Deas lay in front of the fire. His poncho was hitched above the thigh, which was wrapped in the same cloth as Daniel Charlie’s ankle. His the face was bandaged, and the bandages were blotched red. Jessica was holding his head up and was letting him drink some skag in water.
For a minute Frost stared at the small bag Jessica held in the same hand as the bottle, as the weak light winked against the plastic. It was the bag he had found under Grace’s mattress. Then he continued helping Will administer to King, who stood swaying as they wrapped his wounds. Frost carried King to the fireplace and laid him beside Deas.
Salmon sat against the edge of the table, holding a plastic bottle of alcohol in her single hand. She seemed stunned. She stared blankly
. Old Brandon stood in the doorway with his bow held loose at his side. Like Salmon he appeared rooted, mute and incapable of action, although his lips worked, perhaps feeling through his battered memory for a song. When the bow dropped from his fingers he did not seem to notice. A few residents muttered out in the hallway. Someone had looked after the addicts. The rest of the residents were elsewhere, in their rooms or walking the dark farm, sickened by what they had been capable of.

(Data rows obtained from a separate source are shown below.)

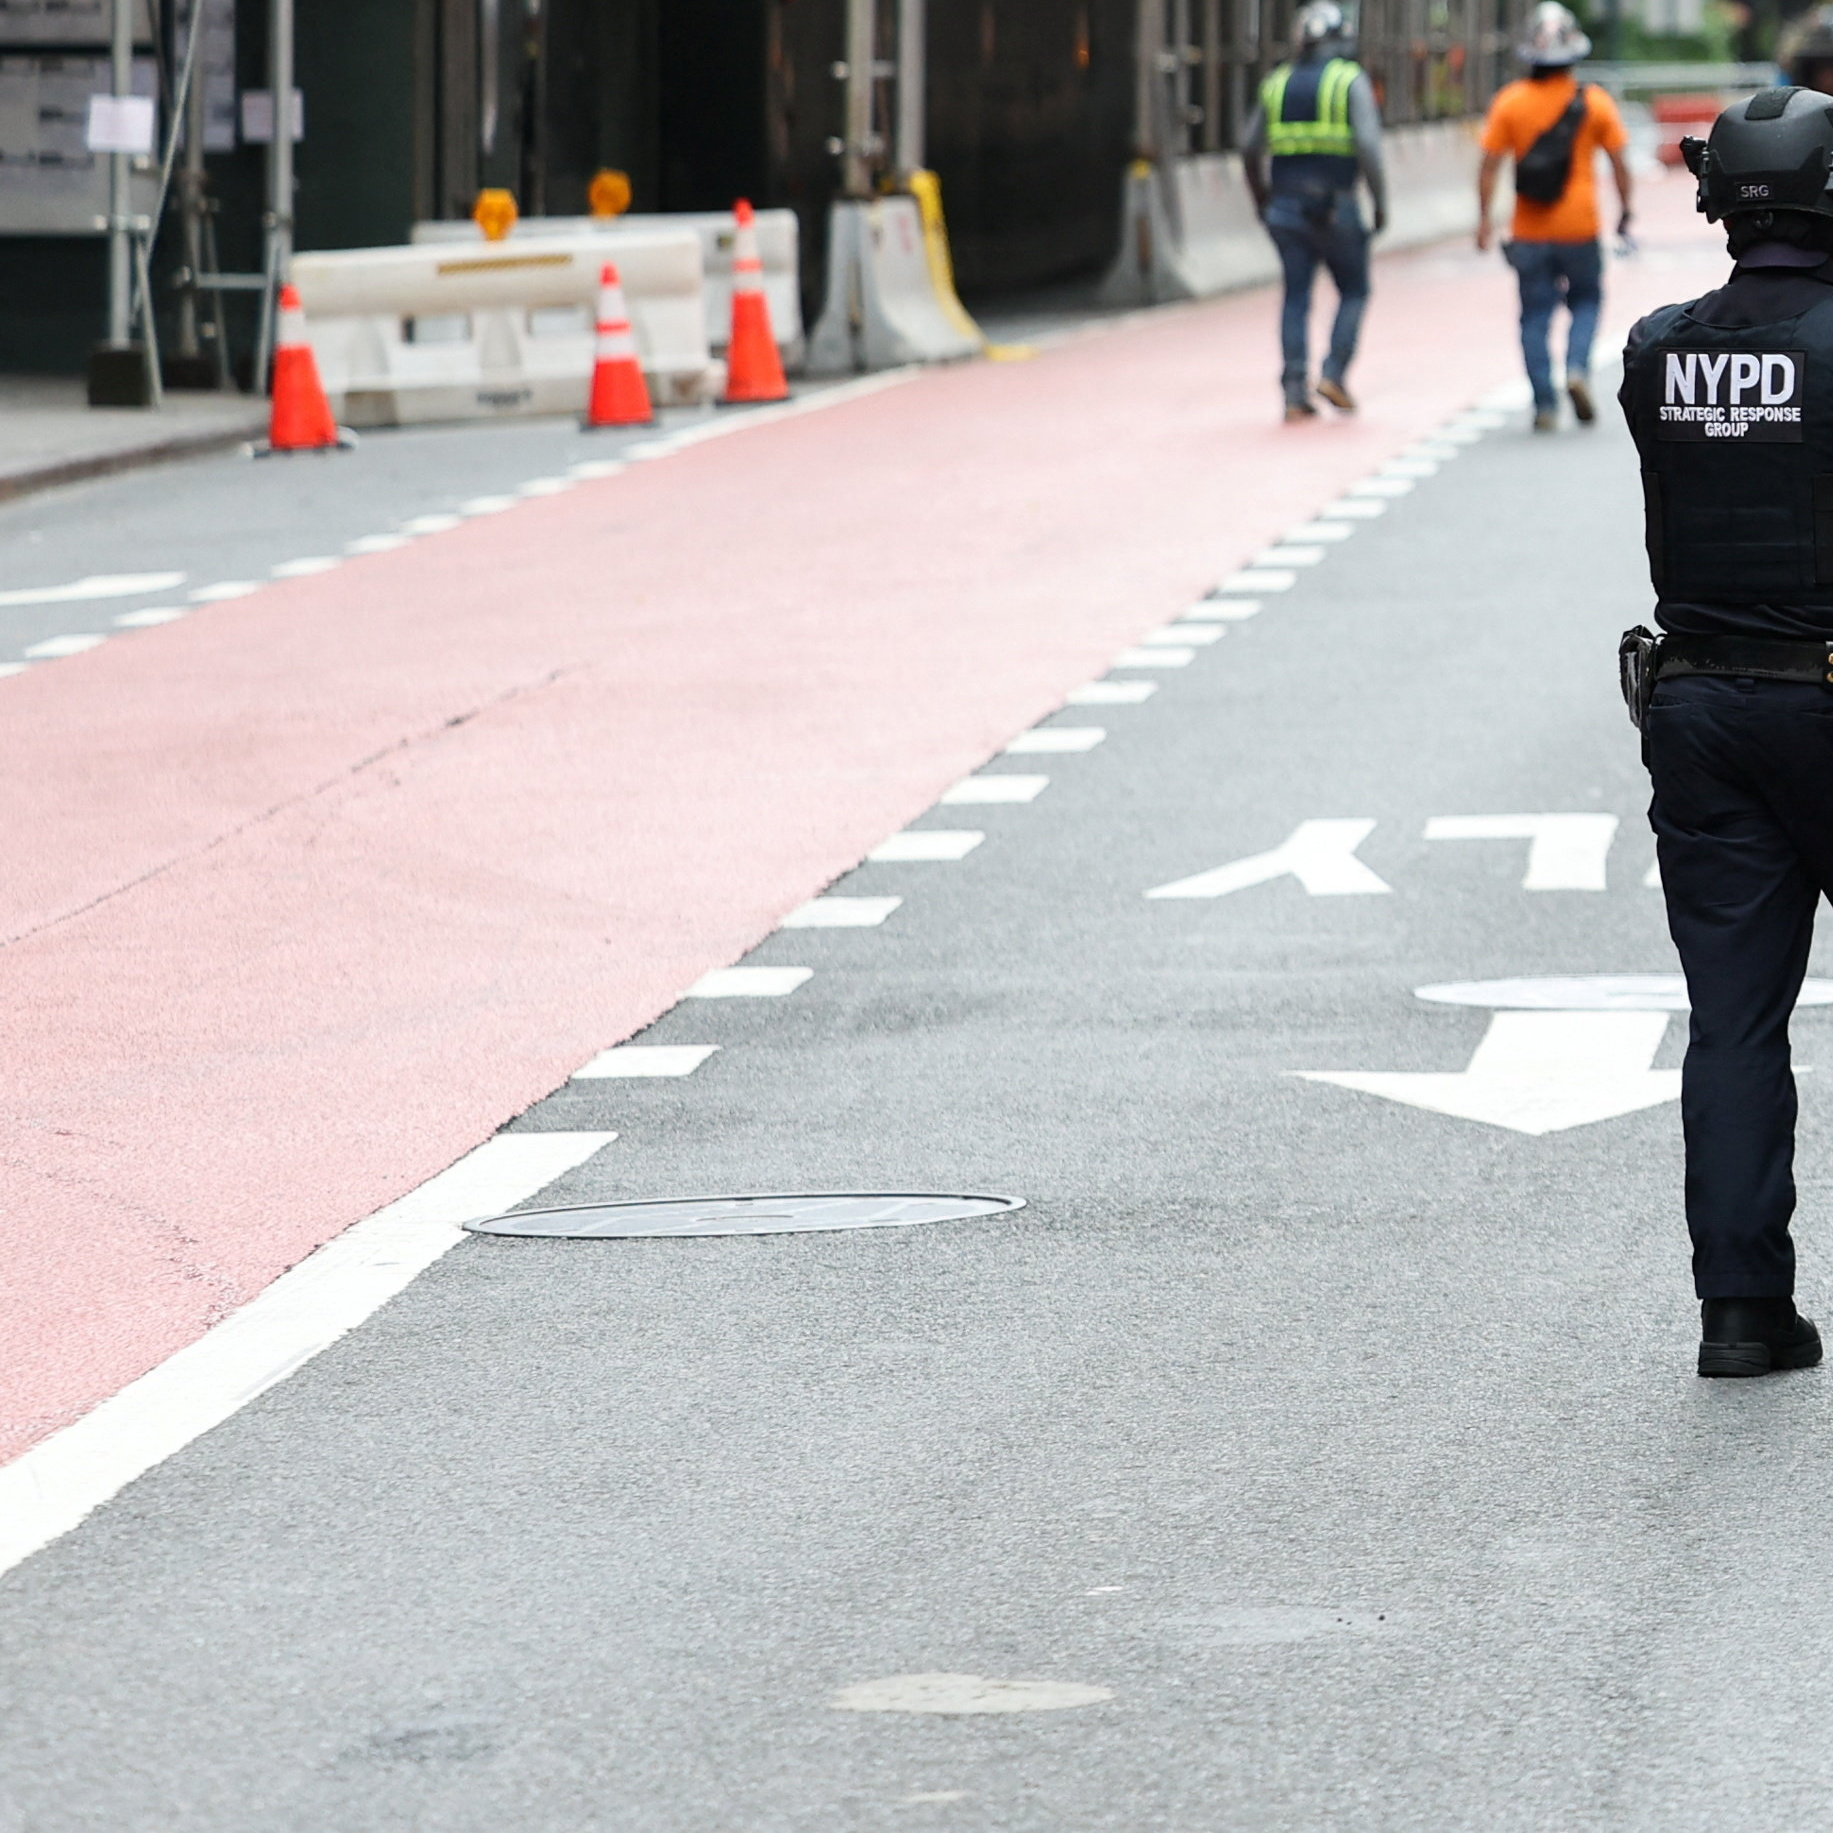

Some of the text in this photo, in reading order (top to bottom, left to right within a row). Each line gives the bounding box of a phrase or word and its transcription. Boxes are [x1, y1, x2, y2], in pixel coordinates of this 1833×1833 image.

[1740, 185, 1769, 198] SRG
[1665, 353, 1796, 405] NYPD
[1659, 406, 1801, 422] STRATEGIC RESPONSE
[1704, 421, 1749, 437] GROUP
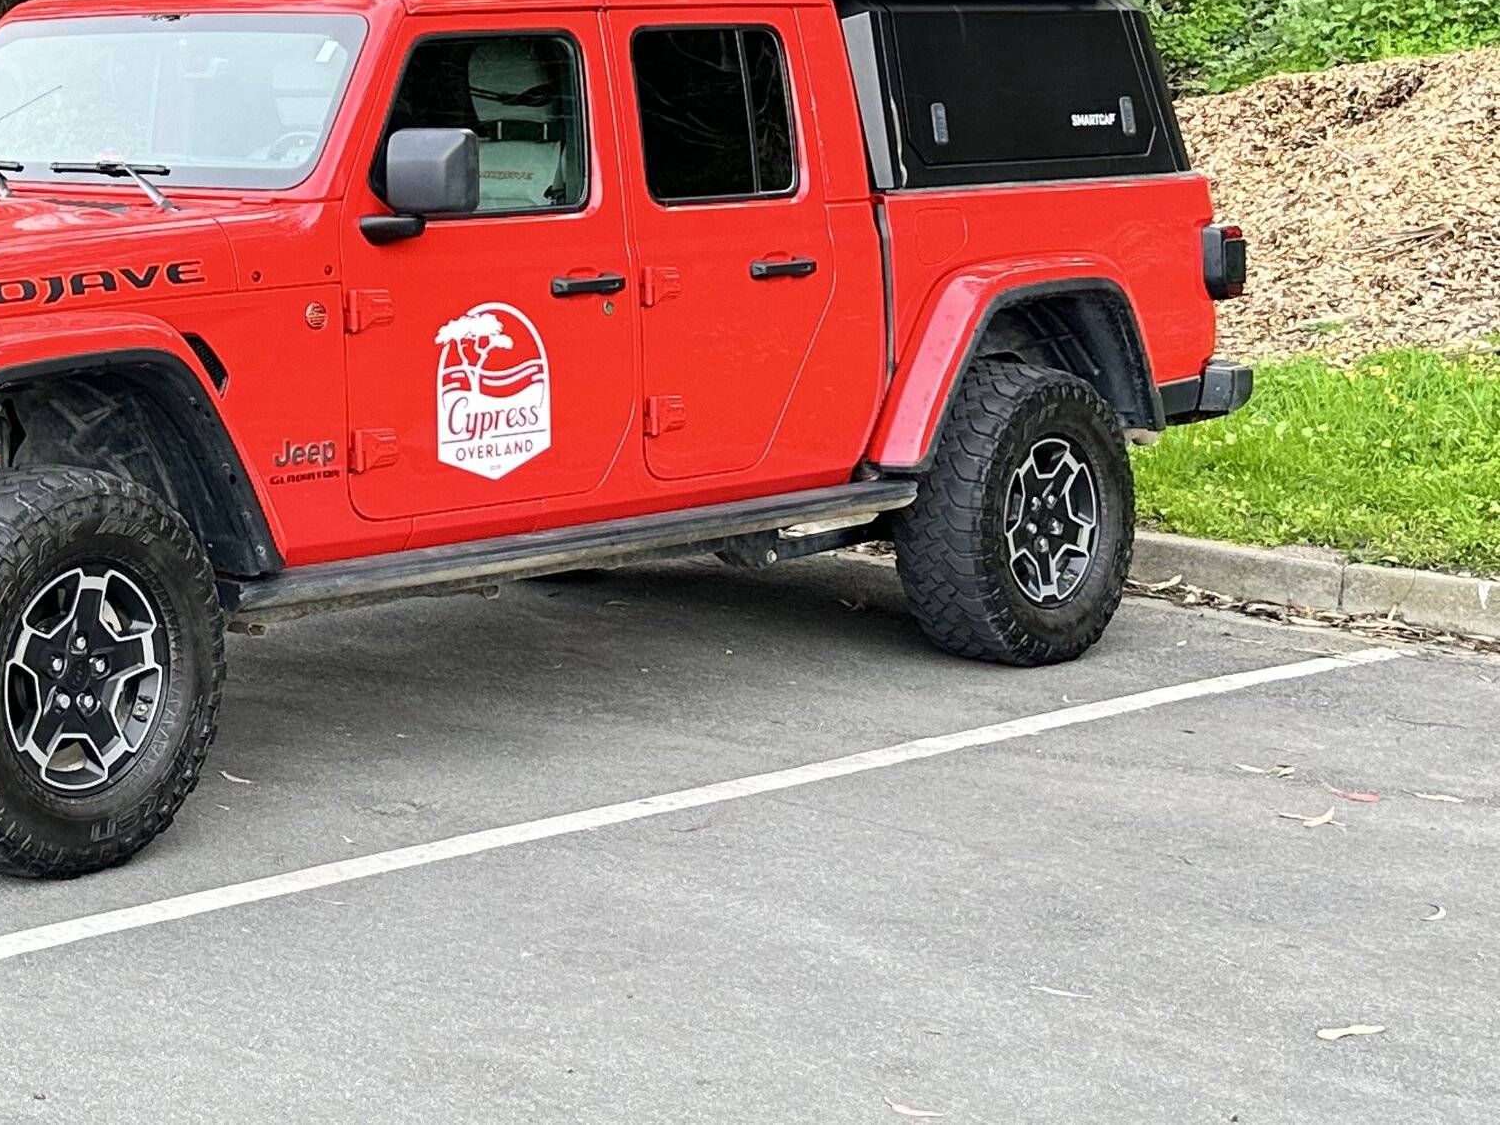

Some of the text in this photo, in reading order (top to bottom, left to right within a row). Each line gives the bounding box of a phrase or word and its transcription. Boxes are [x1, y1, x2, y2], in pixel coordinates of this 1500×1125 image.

[447, 396, 539, 441] Cypress
[273, 439, 336, 467] Jeep
[455, 439, 534, 462] OVERLAND
[269, 469, 341, 486] GLADIATOR
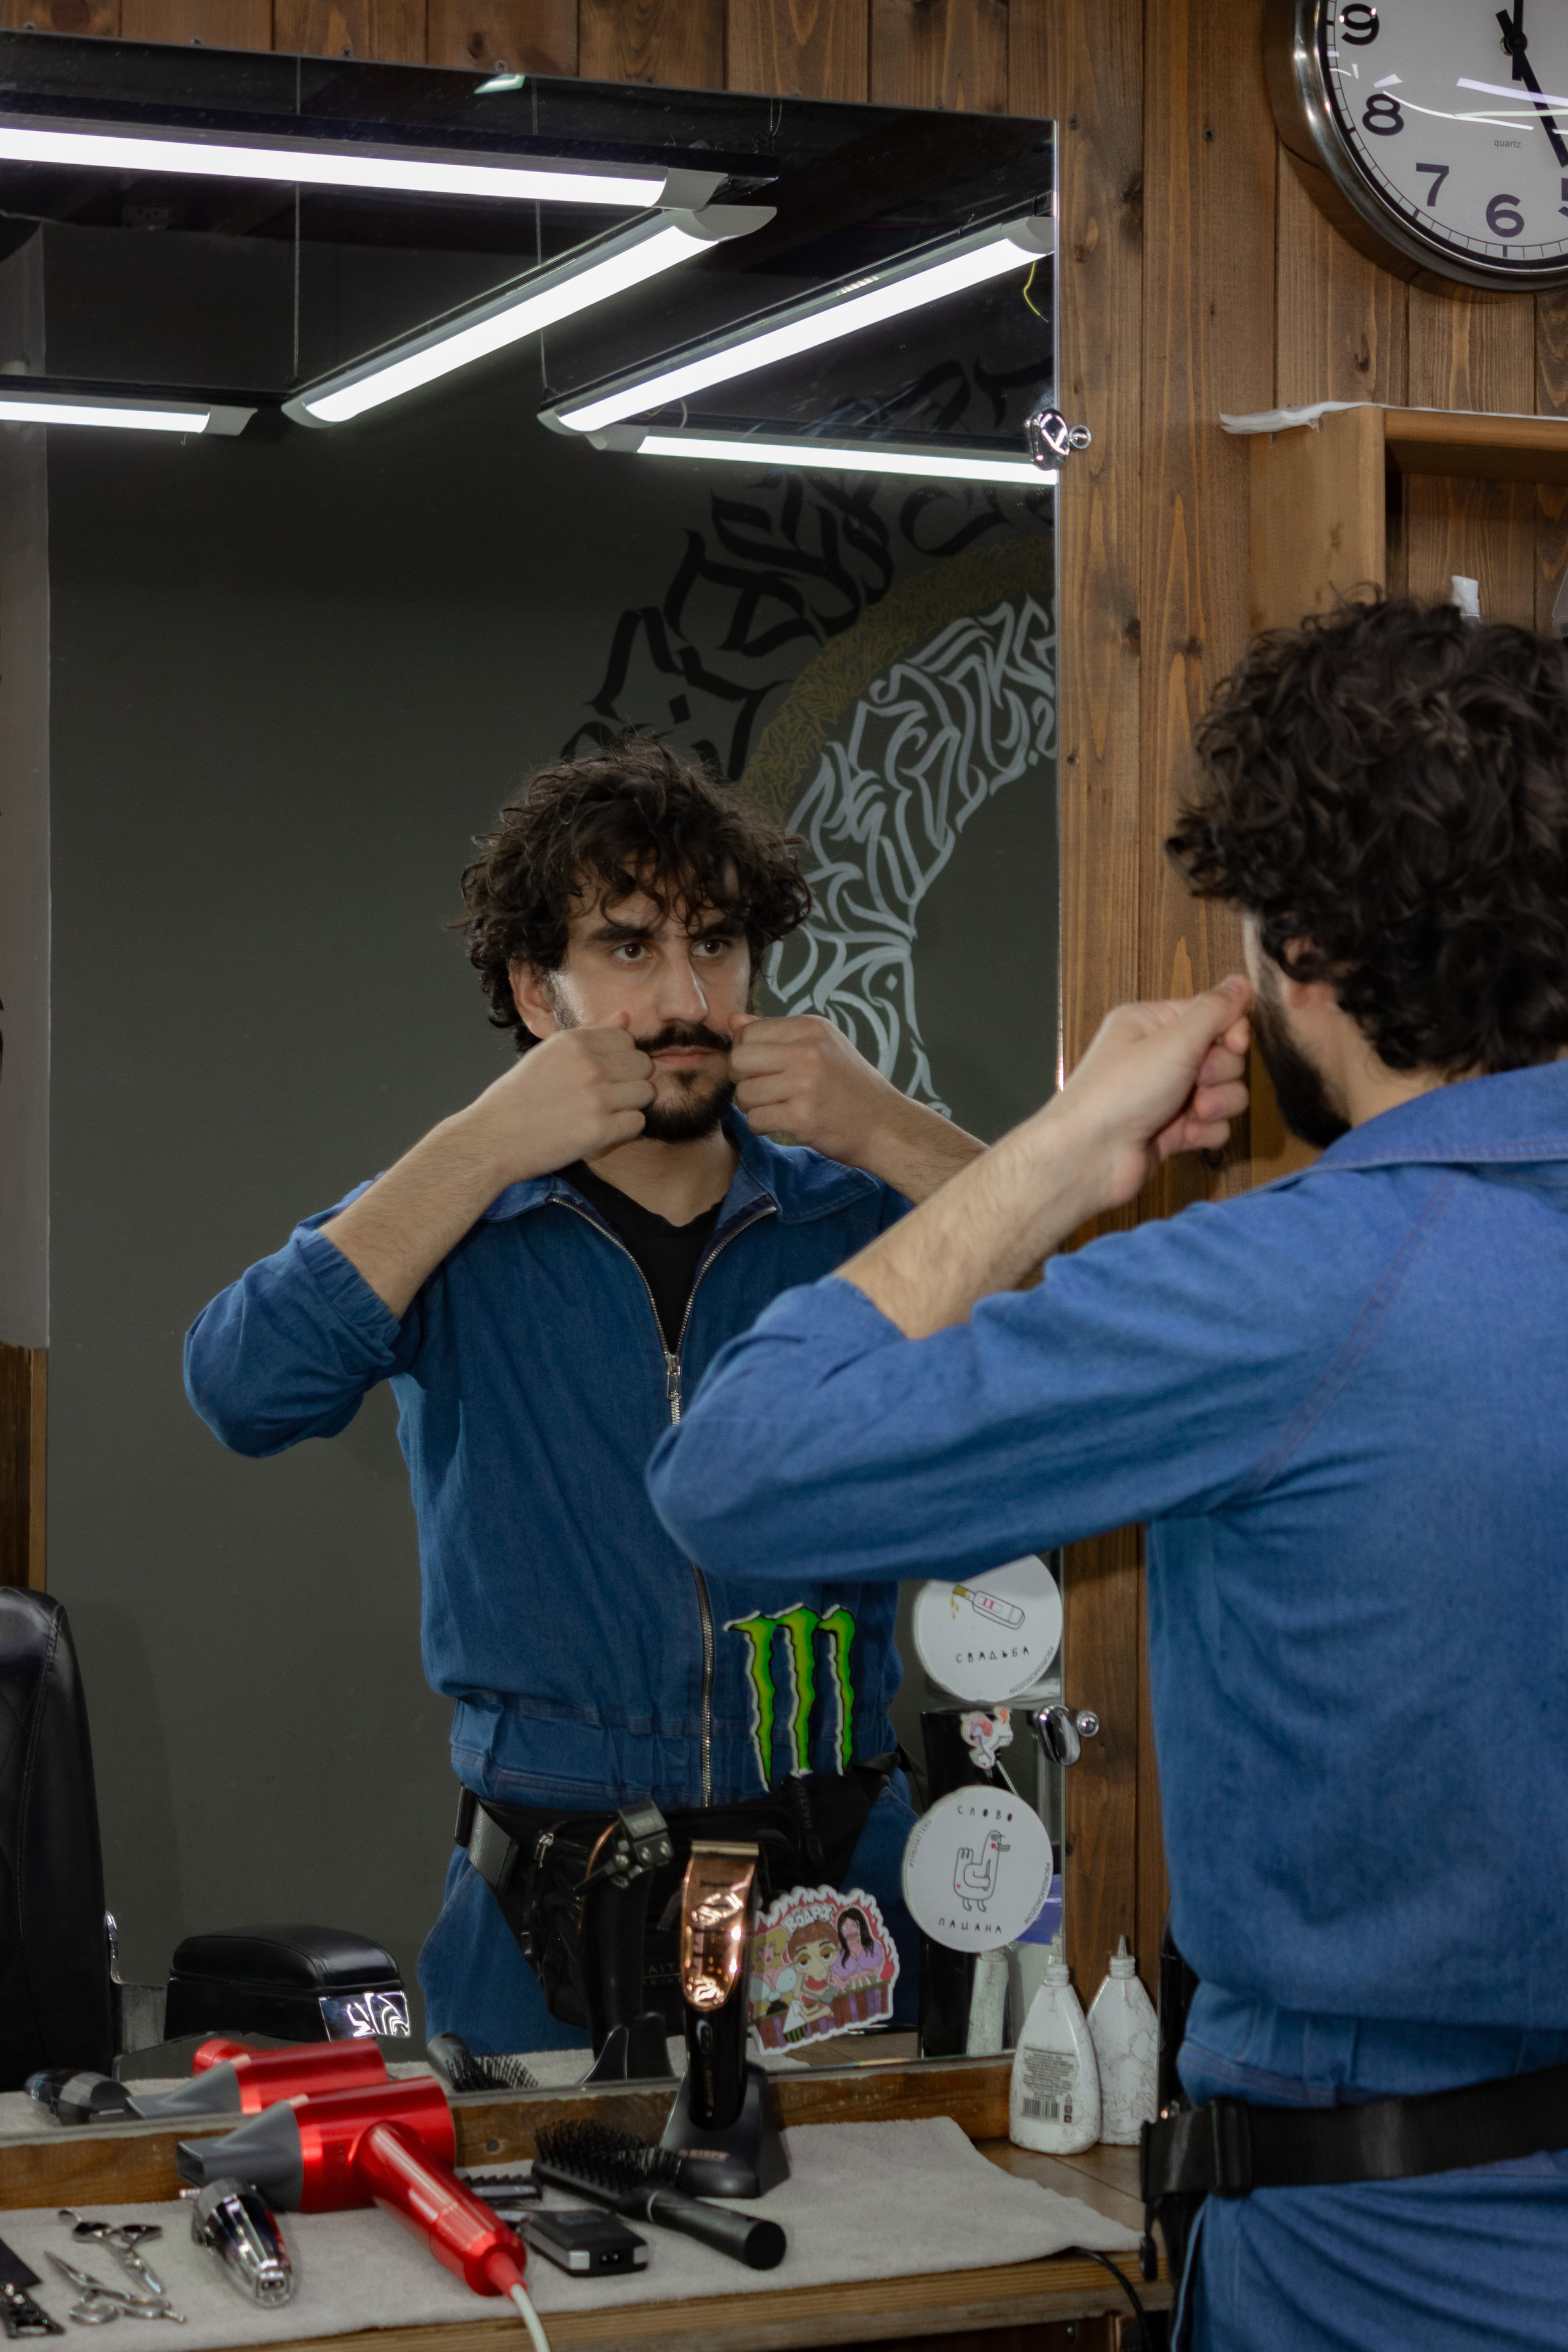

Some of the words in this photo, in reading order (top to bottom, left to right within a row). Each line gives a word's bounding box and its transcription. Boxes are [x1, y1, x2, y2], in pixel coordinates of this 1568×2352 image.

[1341, 3, 1380, 45] 9
[1362, 93, 1404, 136] 8
[1494, 139, 1521, 149] quartz
[1415, 162, 1450, 207] 7
[1485, 194, 1525, 238] 6
[956, 1646, 1030, 1664] СВАДЬБА
[957, 1804, 1013, 1822] СЛОВО
[938, 1917, 1002, 1934] ПАЦАНА

Frost left the apartment. He passed Marpole, Hastings and Oak. They looked at Frost as if he might be able to fix what they were feeling. Frost touched each of them lightly and continued on to the hooch room. For a few minutes he tried to guess where the numbers of the combination were on the dial of the lock. Then Hastings came with a burning cattail to help him see. Marpole carried the heavy white plastic container of hooch back to Frost’s apartment, and the guards rooted through cupboards for containers.
Will was kneeling beside King, stroking his head. Frost motioned for him to stand. As Will did so Frost gripped him beneath the arms as if he were a toddler and lifted him, and Will wrapped his legs around Frost’s waist. Carrying his grandson, pausing to close the door to the smaller room where Brittany lay dead, Frost walked from his apartment.
He walked out and down the steps and to the graveyard. The overcast had torn in places, and there was a tossed handful of stars. A paleness in the remaining cloud-cover indicated the position of the moon. It was too dark to make out any of the markers, but Frost stepped surely among the graves.
Will’s head rested on his shoulder. The boy’s warm breath touched his neck. Frost said “Soon spring.” He felt the slight movement as Will nodded. “It’s been a wet winter. There’ll be a good crop.” He set Will down, and they walked hand in hand to the river bank. He said “Do you think Daniel will ever finish the water wheel?”